Provided records:
- - - - -
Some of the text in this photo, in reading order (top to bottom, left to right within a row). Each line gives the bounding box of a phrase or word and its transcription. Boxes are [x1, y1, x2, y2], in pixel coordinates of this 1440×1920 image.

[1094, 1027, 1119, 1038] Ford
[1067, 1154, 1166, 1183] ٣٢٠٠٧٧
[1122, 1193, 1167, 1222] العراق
- - - - -
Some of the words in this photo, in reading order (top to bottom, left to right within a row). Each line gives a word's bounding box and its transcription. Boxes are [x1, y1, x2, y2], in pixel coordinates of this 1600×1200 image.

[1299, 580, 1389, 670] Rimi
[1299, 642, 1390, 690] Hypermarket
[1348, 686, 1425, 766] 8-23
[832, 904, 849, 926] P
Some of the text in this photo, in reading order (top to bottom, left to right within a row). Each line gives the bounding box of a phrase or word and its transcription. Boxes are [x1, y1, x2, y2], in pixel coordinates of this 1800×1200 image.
- - - - -
Exercise objective: Above are some records; copy exactly the lines from the one with "Some of the words" through the one with "this 1800×1200 image.", both included, and no others.

Response for this exercise:
Some of the words in this photo, in reading order (top to bottom, left to right within a row). Each line gives a word's bounding box and its transcription. Boxes are [x1, y1, x2, y2], in pixel coordinates of this 1600×1200 image.

[1299, 580, 1389, 670] Rimi
[1299, 642, 1390, 690] Hypermarket
[1348, 686, 1425, 766] 8-23
[832, 904, 849, 926] P
Some of the text in this photo, in reading order (top to bottom, left to right within a row). Each line gives the bounding box of a phrase or word and its transcription. Boxes are [x1, y1, x2, y2], in pixel coordinates of this 1800×1200 image.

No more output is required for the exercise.